Vanishing Automobile update #31

San Jose Case Study, Part One:
The Urban-Growth Boundary

In 1970, the microprocessor was yet to be invented; hardly anyone -- not even science fiction writers -- had imagined personal computers; and if you mentioned the World Wide Web to someone they probably would have thought you were talking about some international communist conspiracy.

Despite this huge uncertainty about the future, planners in the City of San Jose felt confident enough to write a twenty-year plan that would lock the region into ever-spiraling housing prices. As a result of their plan, within twenty-five years San Jose housing prices would increase by 930 percent, more than in any other major U.S. housing market.

San Jose is California's oldest city, but it was a sleepy town of less than 100,000 people in 1950. Under pro-growth city manager A.P. Hamann, San Jose nearly quintupled in population from 1950 through 1970, representing an incredible 8 percent annual growth rate. By comparison, Las Vegas, the fastest growing major U.S. city in the last decade, is growing at only about 6 percent per year.
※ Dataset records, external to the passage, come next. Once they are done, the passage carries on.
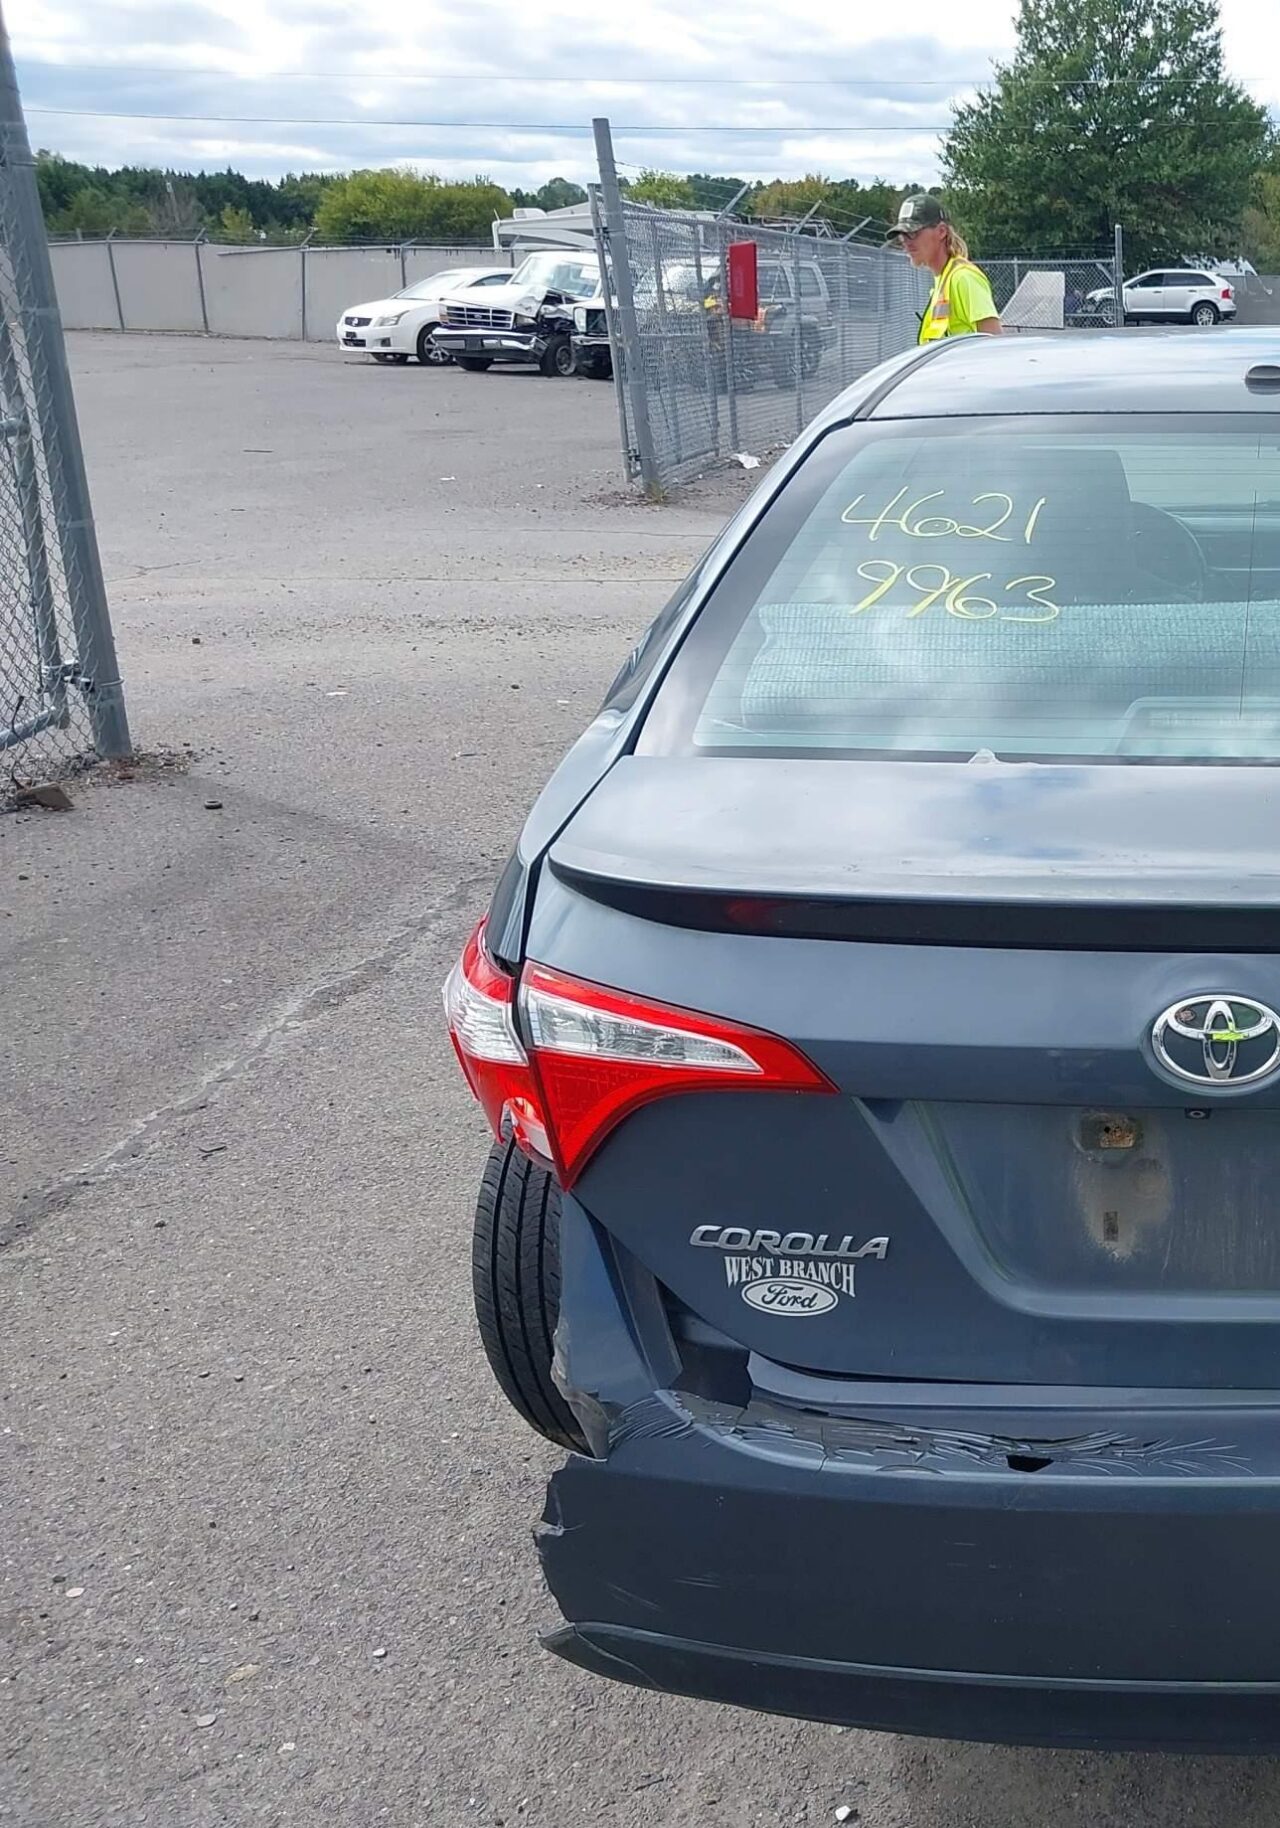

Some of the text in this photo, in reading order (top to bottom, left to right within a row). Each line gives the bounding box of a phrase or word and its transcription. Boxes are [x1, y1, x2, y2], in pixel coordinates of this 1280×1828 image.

[841, 486, 1046, 544] 4621
[849, 559, 1060, 622] 9963
[689, 1224, 890, 1260] COROLLA
[724, 1256, 856, 1298] WEST BRANCH
[761, 1283, 819, 1309] Ford
Part of San Jose's growth was due to an aggressive annexation program that octupled San Jose's land area in twenty years. As a result, the city's population density declined from more than 5,600 people per square mile to less than 3,300.

Growth Controls Introduced in the 1970s

Soon after Hamann retired in 1969, however, San Jose elected a succession of mayors and city councils with a very different attitude toward growth. First, Norman Mineta was elected mayor in 1971 and served until 1974, when he was elected to Congress. Of course, Mineta is now Secretary of Transportation.

Mineta was succeeded as mayor by Janet Gray Hayes, an outspoken opponent of Hamann's growth policies, even though she herself was a beneficiary of those policies, having moved to San Jose in the 1950s. Hayes initiated a downtown revitalization program that eventually pumped nearly $1.5 billion into downtown San Jose. While downtown has several museums and tax-subsidized hotels, the retail sector remains lethargic and all but a tiny percentage of jobs are located elsewhere.

Under Mineta, the city wrote a land-use plan (known as the "General Plan") that called for curtailing growth. The plan covered not just the 136 square miles in the city limits but another 200 square miles that the city deemed to be with its "sphere of influence." With the complicity of Santa Clara County, the city conspired to limit or prevent development from taking place on this 200 square miles of land.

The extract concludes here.